DESCRIPTION OF THE TASK
All entries below need to be written out exactly, but without their pictures.

Stored entries

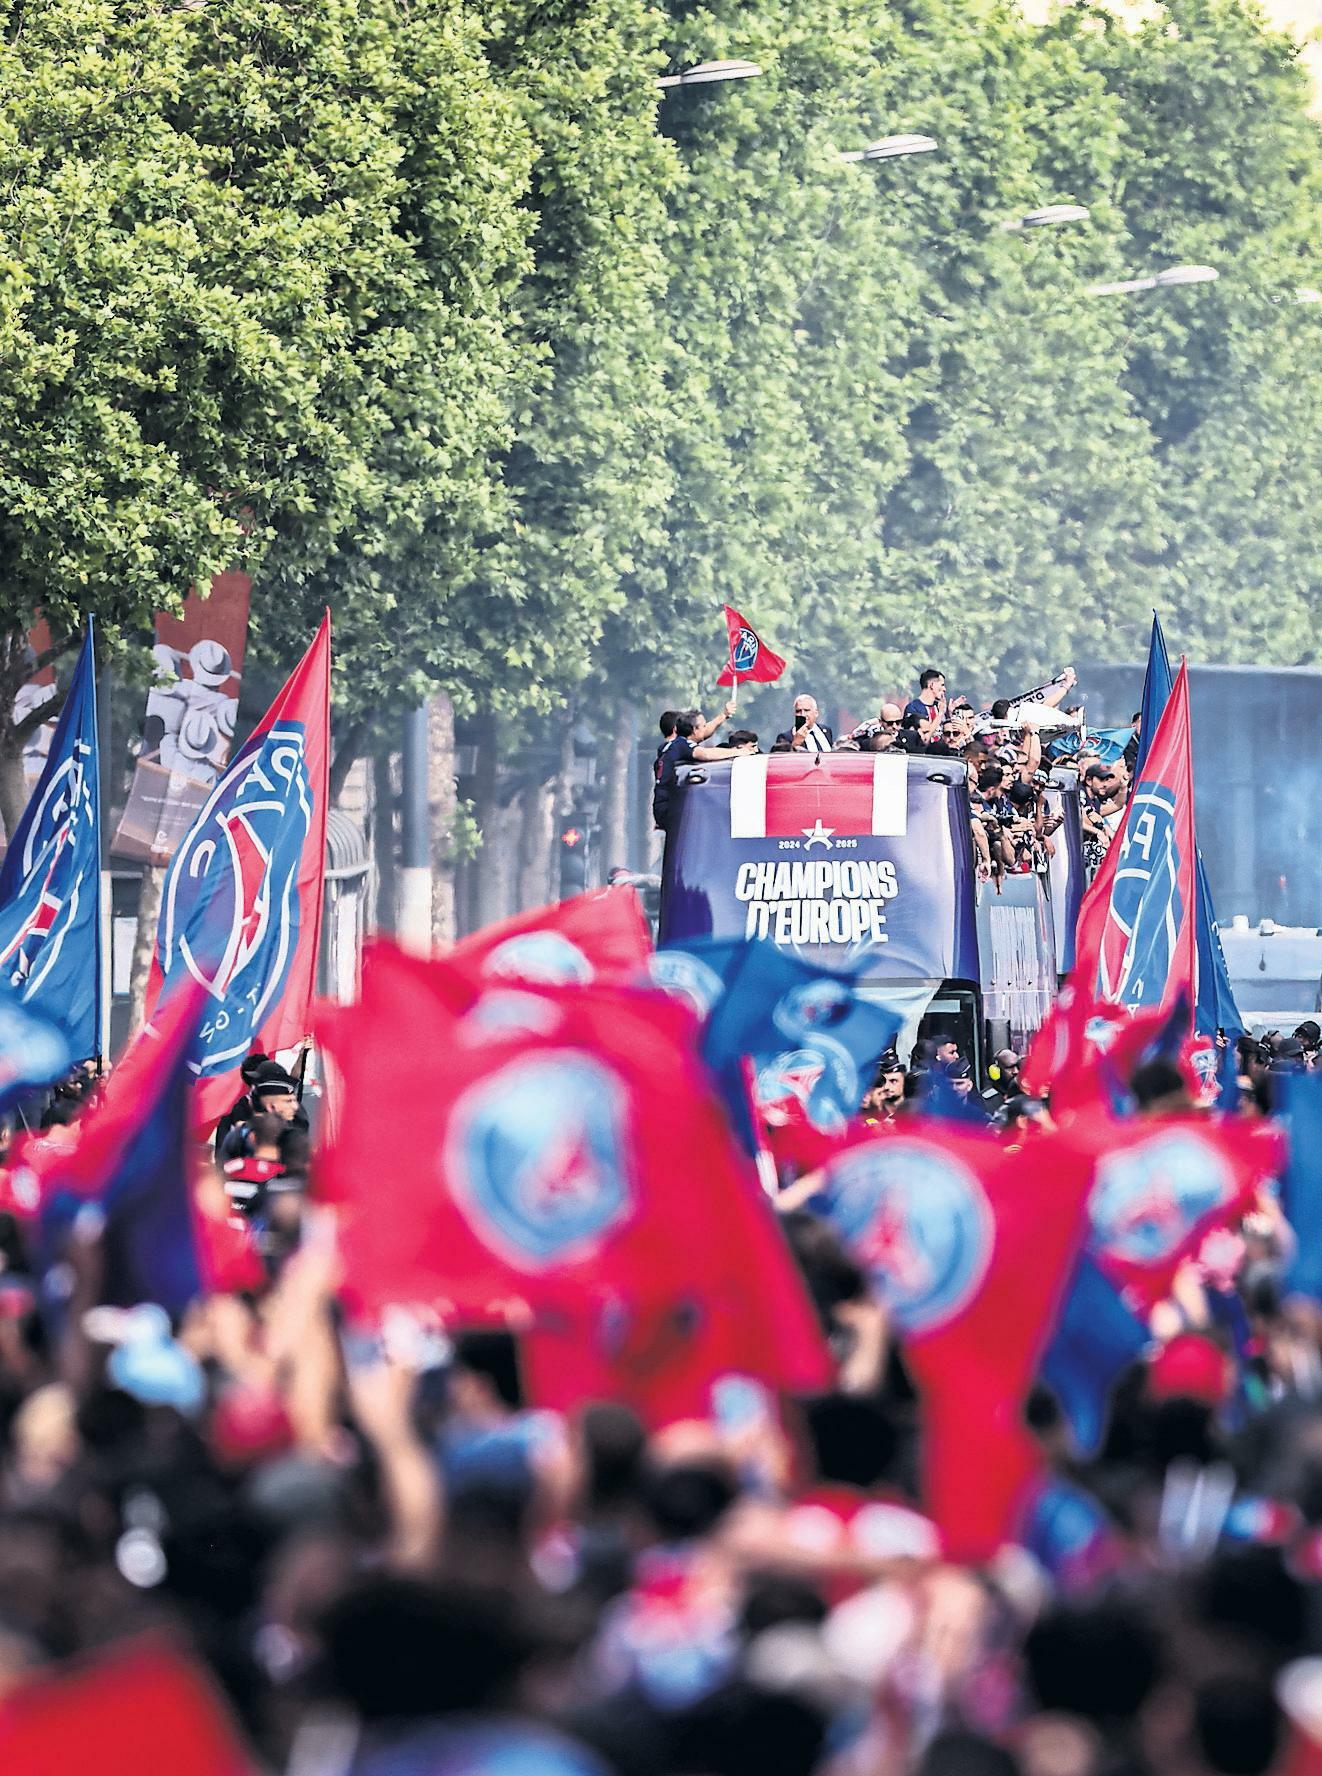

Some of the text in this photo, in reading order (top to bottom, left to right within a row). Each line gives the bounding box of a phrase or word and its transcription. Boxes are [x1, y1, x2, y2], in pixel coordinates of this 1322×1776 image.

[778, 840, 801, 850] 2024
[735, 860, 899, 901] CHAMPIONS
[745, 899, 889, 944] D'EUROPE
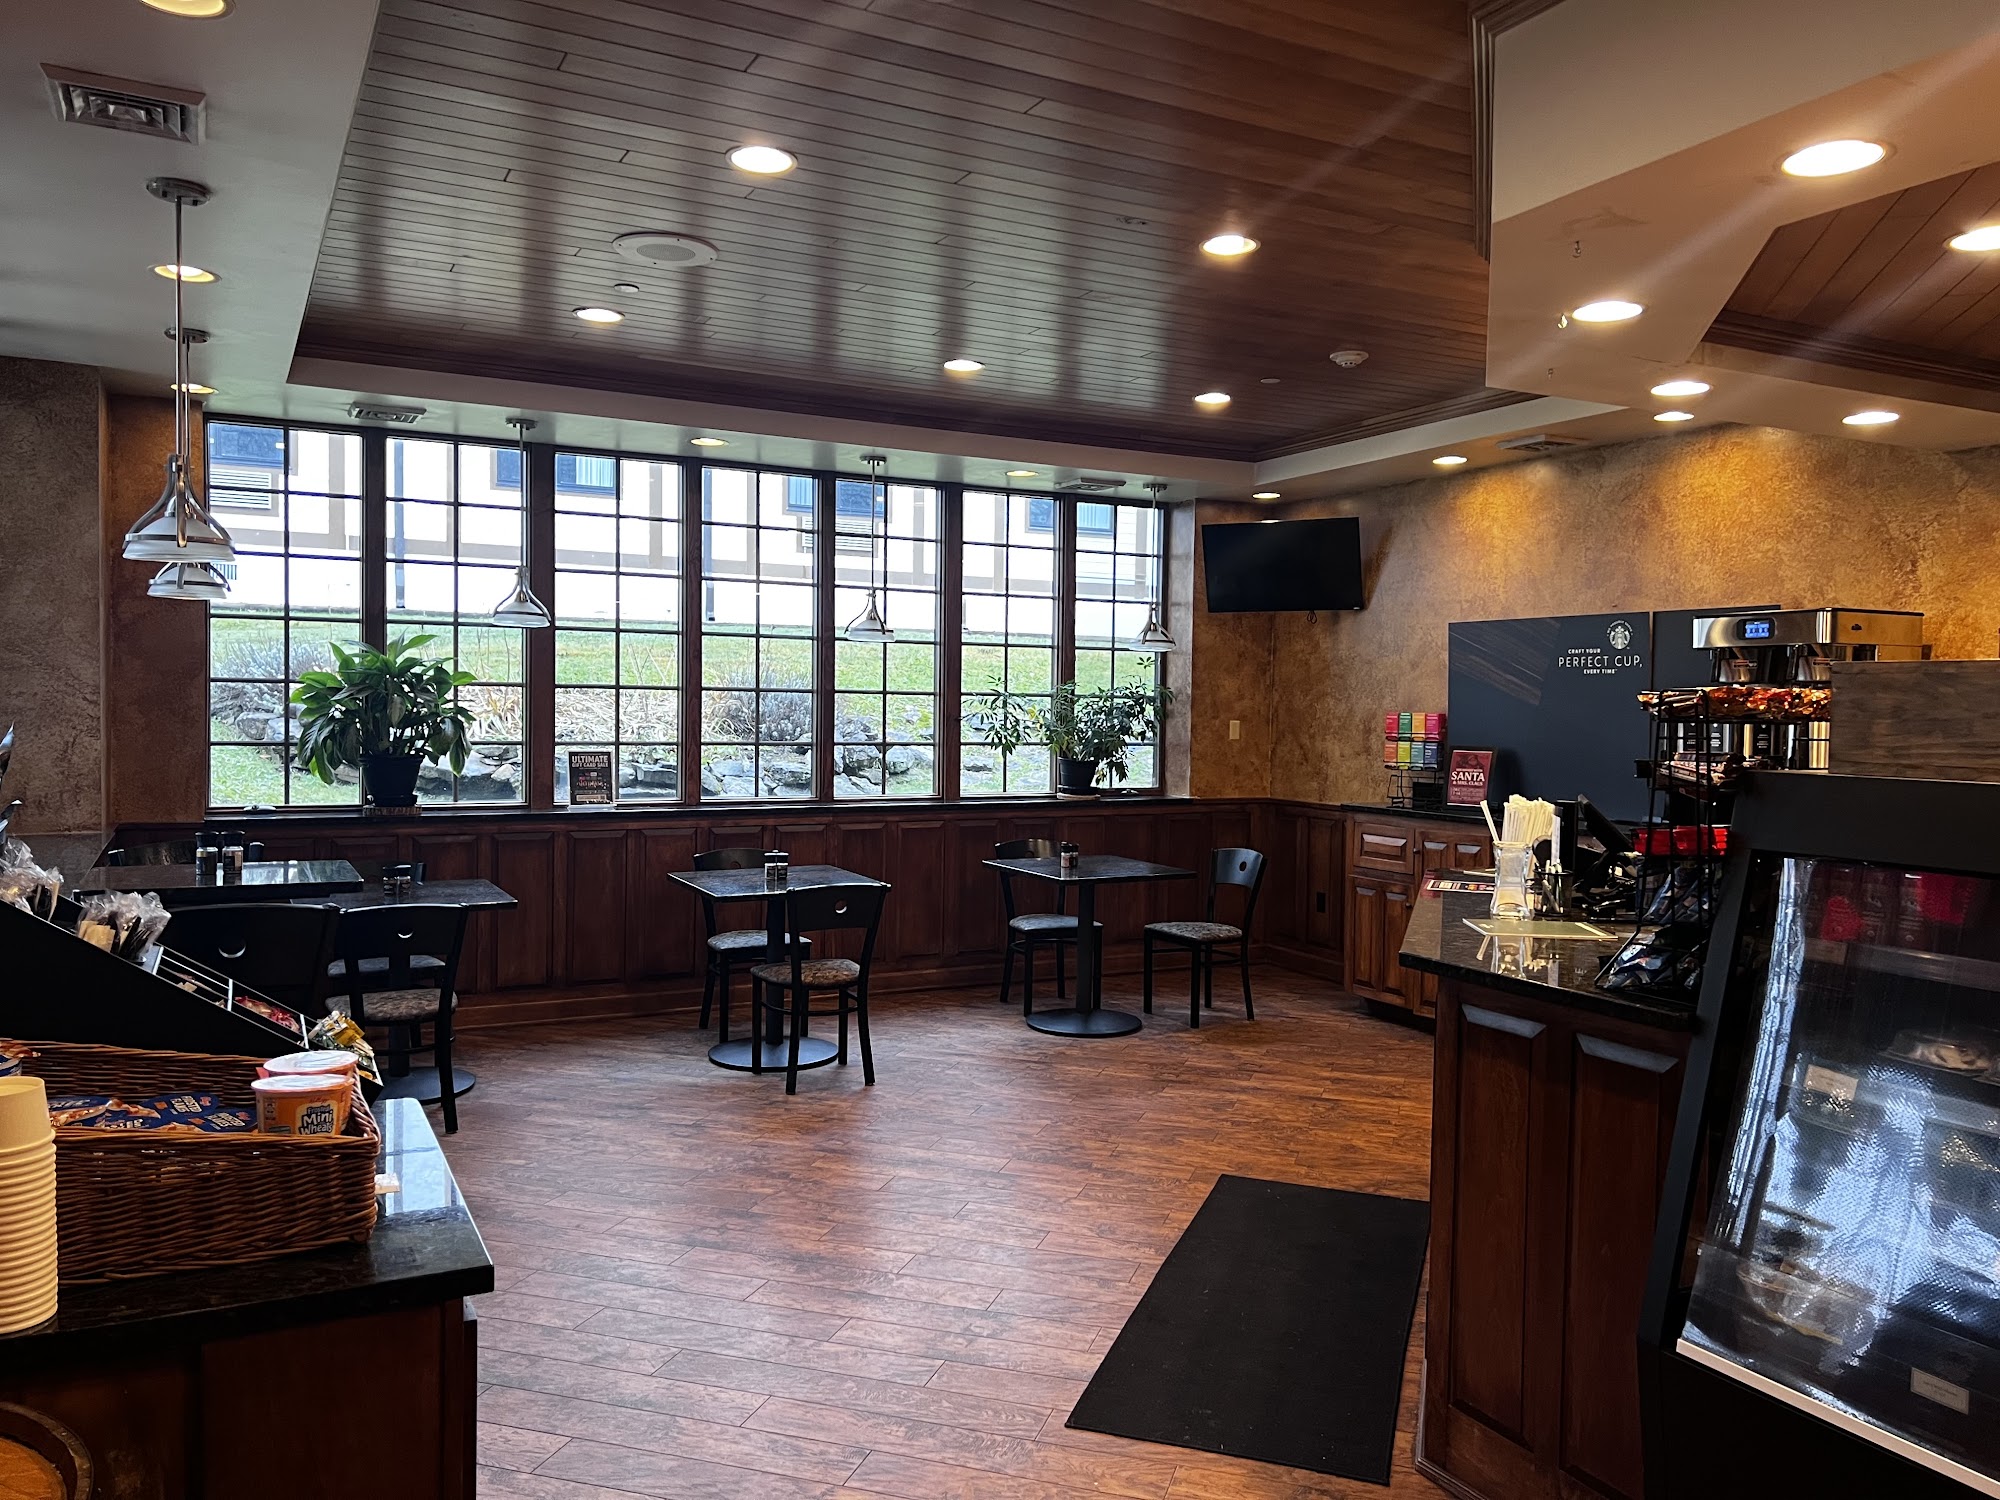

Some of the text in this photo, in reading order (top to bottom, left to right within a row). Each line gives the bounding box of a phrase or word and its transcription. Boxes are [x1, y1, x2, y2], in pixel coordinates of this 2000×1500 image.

[1558, 655, 1643, 668] PERFECT CUP,
[571, 755, 609, 763] ULTIMATE
[1451, 771, 1485, 782] SANTA
[302, 1110, 333, 1127] Mini
[300, 1121, 333, 1135] Wheats

ANSWER TO THIS EXERCISE
Some of the text in this photo, in reading order (top to bottom, left to right within a row). Each line gives the bounding box of a phrase or word and its transcription. Boxes are [x1, y1, x2, y2], in pixel coordinates of this 1322×1776 image.

[778, 840, 801, 850] 2024
[735, 860, 899, 901] CHAMPIONS
[745, 899, 889, 944] D'EUROPE

Some of the text in this photo, in reading order (top to bottom, left to right within a row). Each line gives the bounding box of a phrase or word and its transcription. Boxes are [x1, y1, x2, y2], in pixel coordinates of this 2000×1500 image.

[1558, 655, 1643, 668] PERFECT CUP,
[571, 755, 609, 763] ULTIMATE
[1451, 771, 1485, 782] SANTA
[302, 1110, 333, 1127] Mini
[300, 1121, 333, 1135] Wheats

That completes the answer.